The third argument is an index into the statepoint's list of arguments which specify the (potentially) derived pointer being relocated. It is legal for this index to be the same as the second argument if-and-only-if a base pointer is being relocated. This index must land within the 'gc parameter' section of the statepoint's argument list.
Semantics:
""""""""""
The return value of ''gc_relocate'' is the potentially relocated value of the pointer specified by it's arguments. It is unspecified how the value of the returned pointer relates to the argument to the ''gc_statepoint'' other than that a) it points to the same source language object with the same offset, and b) the 'based-on' relationship of the newly relocated pointers is a projection of the unrelocated pointers. In particular, the integer value of the pointer returned is unspecified.
A ''gc_relocate'' is modeled as a 'readnone' pure function. It has no side effects since it is just a way to extract information about work done during the actual call modeled by the ''gc_statepoint''.
StackMap Format
================
Locations for each pointer value which may need read and/or updated by the runtime or collector are provided via the StackMap format specified in the PatchPoint documentation.
.. TODO: link
Each statepoint generates the following Locations:
* Constant which describes number of following deopt *Locations* (not operands)
* Variable number of Locations, one for each deopt parameter listed in the IR statepoint (same number as described by previous Constant)
* Variable number of Locations pairs, one pair for each unique pointer which needs relocated. The first Location in each pair describes the base pointer for the object. The second is the derived pointer actually being relocated. It is guaranteed that the base pointer must also appear explicitly as a relocation pair if used after the statepoint. There may be fewer pairs then gc parameters in the IR statepoint. Each *unique* pair will occur at least once; duplicates are possible.
Note that the Locations used in each section may describe the same physical location. e.g. A stack slot may appear as a deopt location, a gc base pointer, and a gc derived pointer.
The ID field of the 'StkMapRecord' for a statepoint is meaningless and it's value is explicitly unspecified.
The LiveOut section of the StkMapRecord will be empty for a statepoint record.
Safepoint Semantics & Verification
==================================
The fundamental correctness property for the compiled code's correctness w.r.t. the garbage collector is a dynamic one. It must be the case that there is no dynamic trace such that a operation involving a potentially relocated pointer is observably-after a safepoint which could relocate it. 'observably-after' is this usage means that an outside observer could observe this sequence of events in a way which precludes the operation being performed before the safepoint.
To understand why this 'observable-after' property is required, consider a null comparison performed on the original copy of a relocated pointer.

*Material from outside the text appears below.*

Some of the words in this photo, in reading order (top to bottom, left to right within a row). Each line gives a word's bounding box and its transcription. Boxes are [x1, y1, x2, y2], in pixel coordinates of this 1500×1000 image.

Assuming that control flow follows the safepoint, there is no way to observe externally whether the null comparison is performed before or after the safepoint. (Remember, the original Value is unmodified by the safepoint.) The compiler is free to make either scheduling choice.
The actual correctness property implemented is slightly stronger than this. We require that there be no *static path* on which a potentially relocated pointer is 'observably-after' it may have been relocated. This is slightly stronger than is strictly necessary (and thus may disallow some otherwise valid programs), but greatly simplifies reasoning about correctness of the compiled code.

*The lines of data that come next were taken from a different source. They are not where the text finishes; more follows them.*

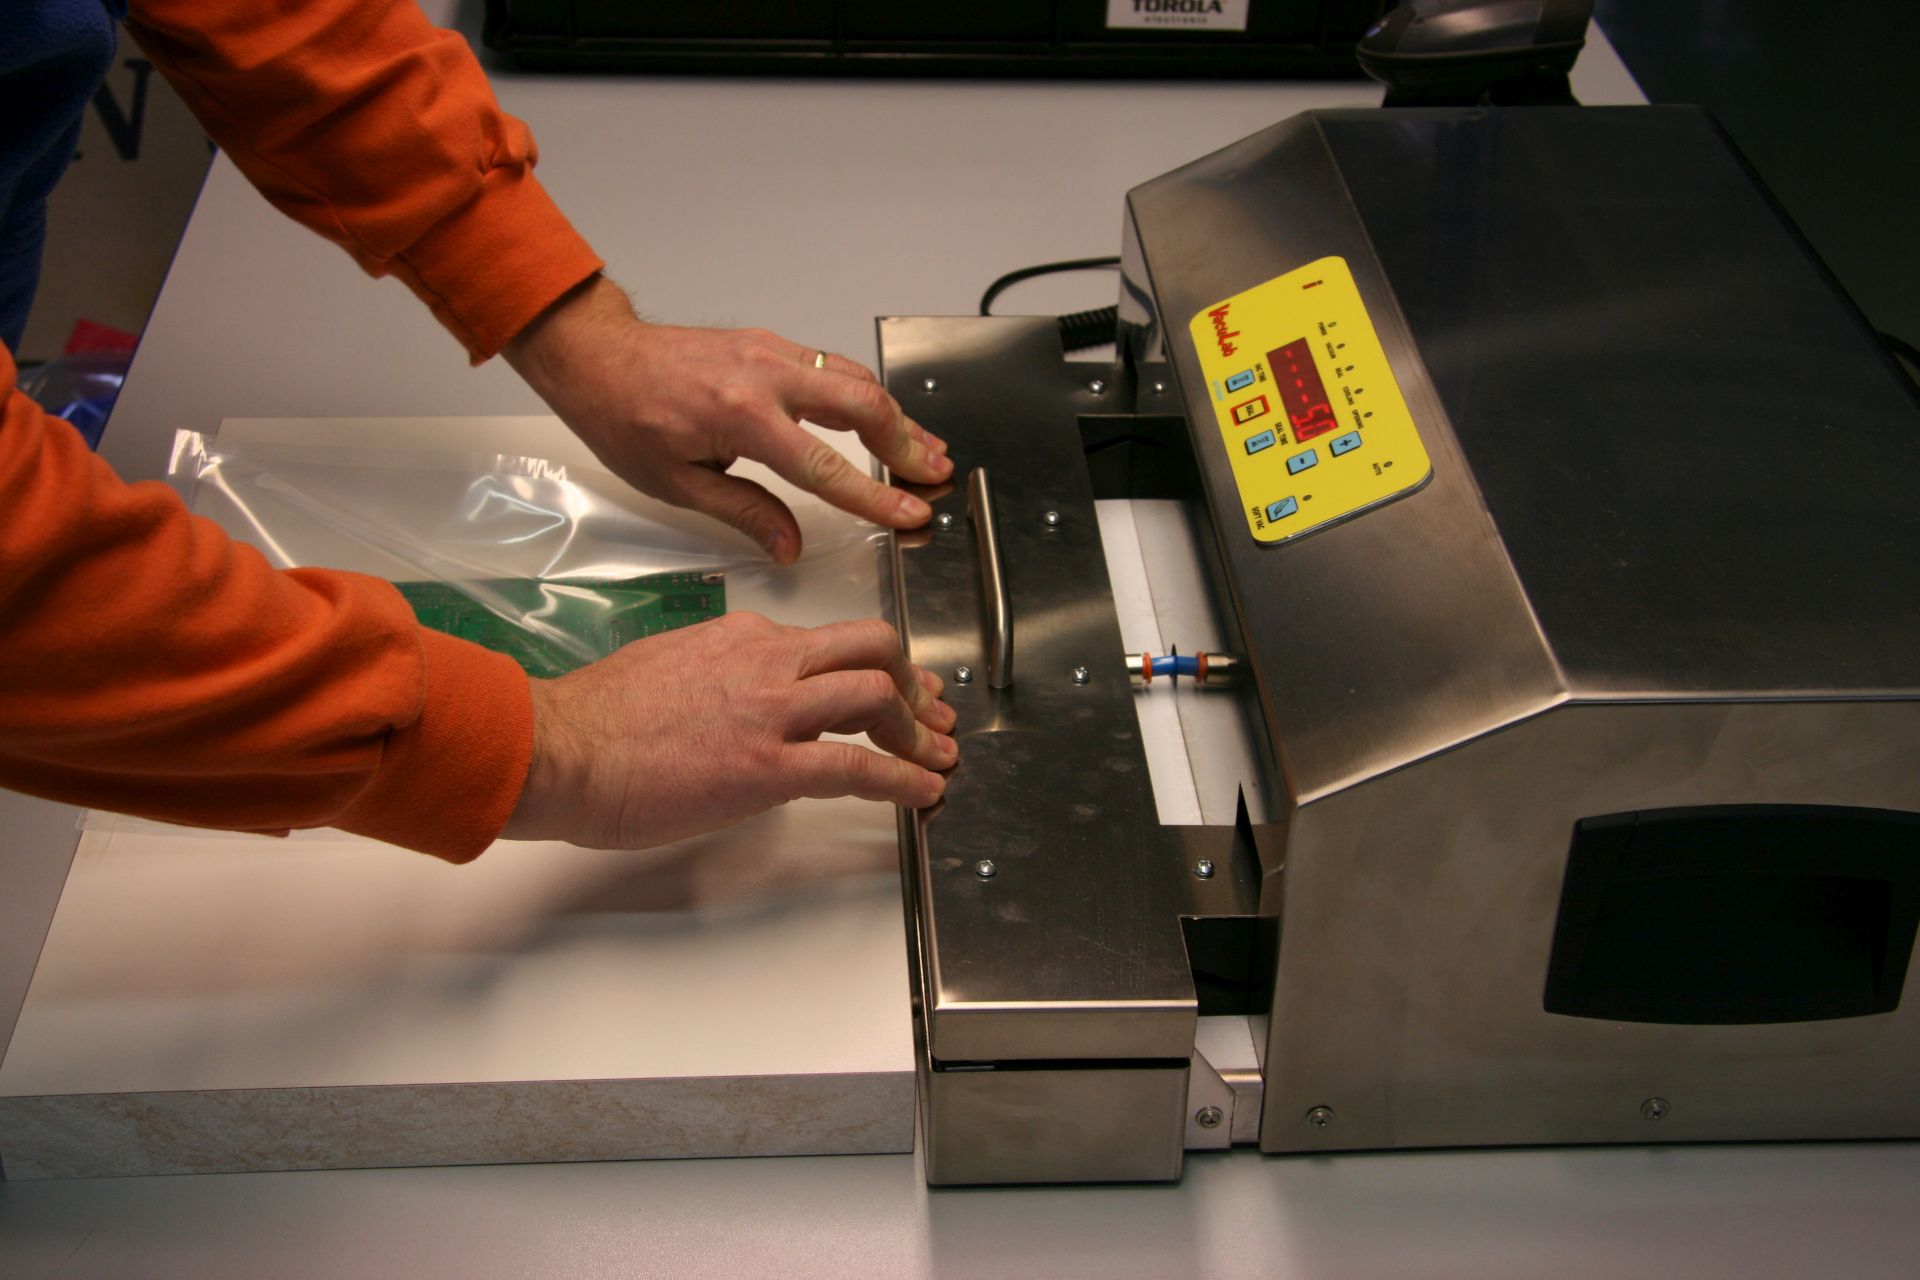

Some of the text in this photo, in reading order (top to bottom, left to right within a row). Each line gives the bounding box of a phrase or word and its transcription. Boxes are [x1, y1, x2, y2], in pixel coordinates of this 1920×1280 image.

[1326, 342, 1336, 359] VACUUM
[1343, 386, 1354, 405] COOLING
[1352, 409, 1363, 429] OPENING
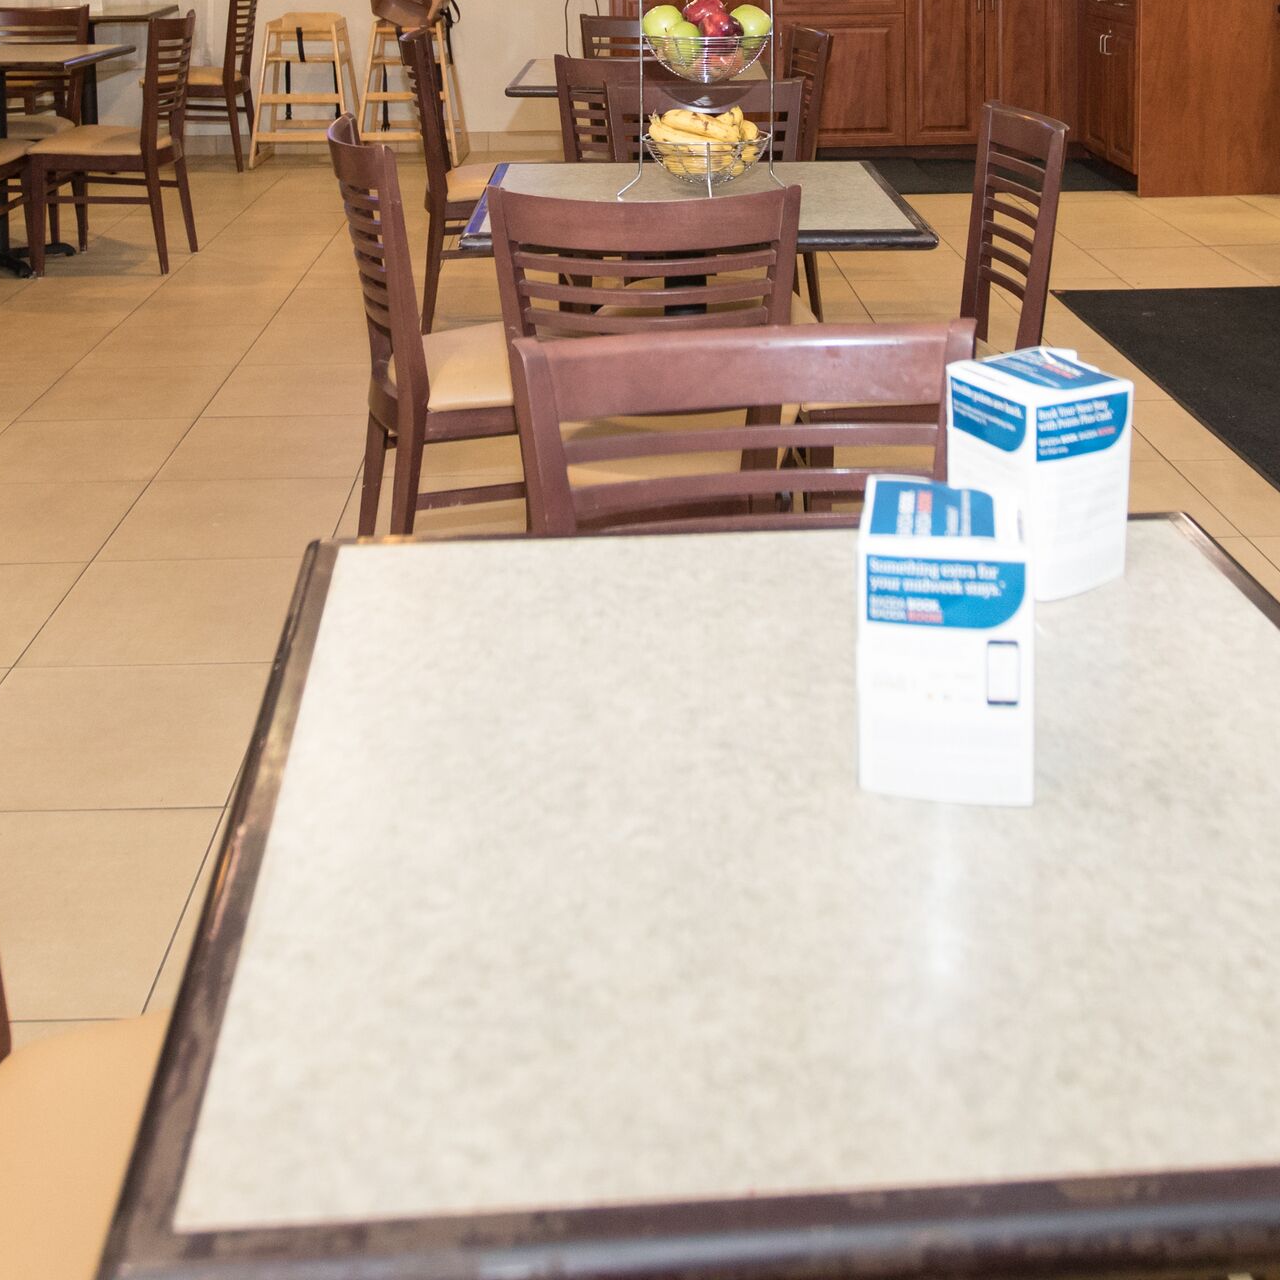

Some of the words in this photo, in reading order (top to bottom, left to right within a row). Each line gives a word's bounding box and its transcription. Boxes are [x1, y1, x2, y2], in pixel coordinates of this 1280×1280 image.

[1038, 421, 1057, 432] with
[870, 558, 940, 580] Something
[940, 562, 977, 579] extra
[977, 563, 1000, 579] for
[870, 576, 901, 592] your
[902, 578, 964, 596] midweek

By construction, this property will be upheld by the optimizer if correctly established in the source IR. This is a key invariant of the design.
The existing IR Verifier pass has been extended to check most of the local restrictions on the intrinsics mentioned in their respective documentation. The current implementation in LLVM does not check the key relocation invariant, but this is ongoing work on developing such a verifier. Please ask on llvmdev if you're interested in experimenting with the current version.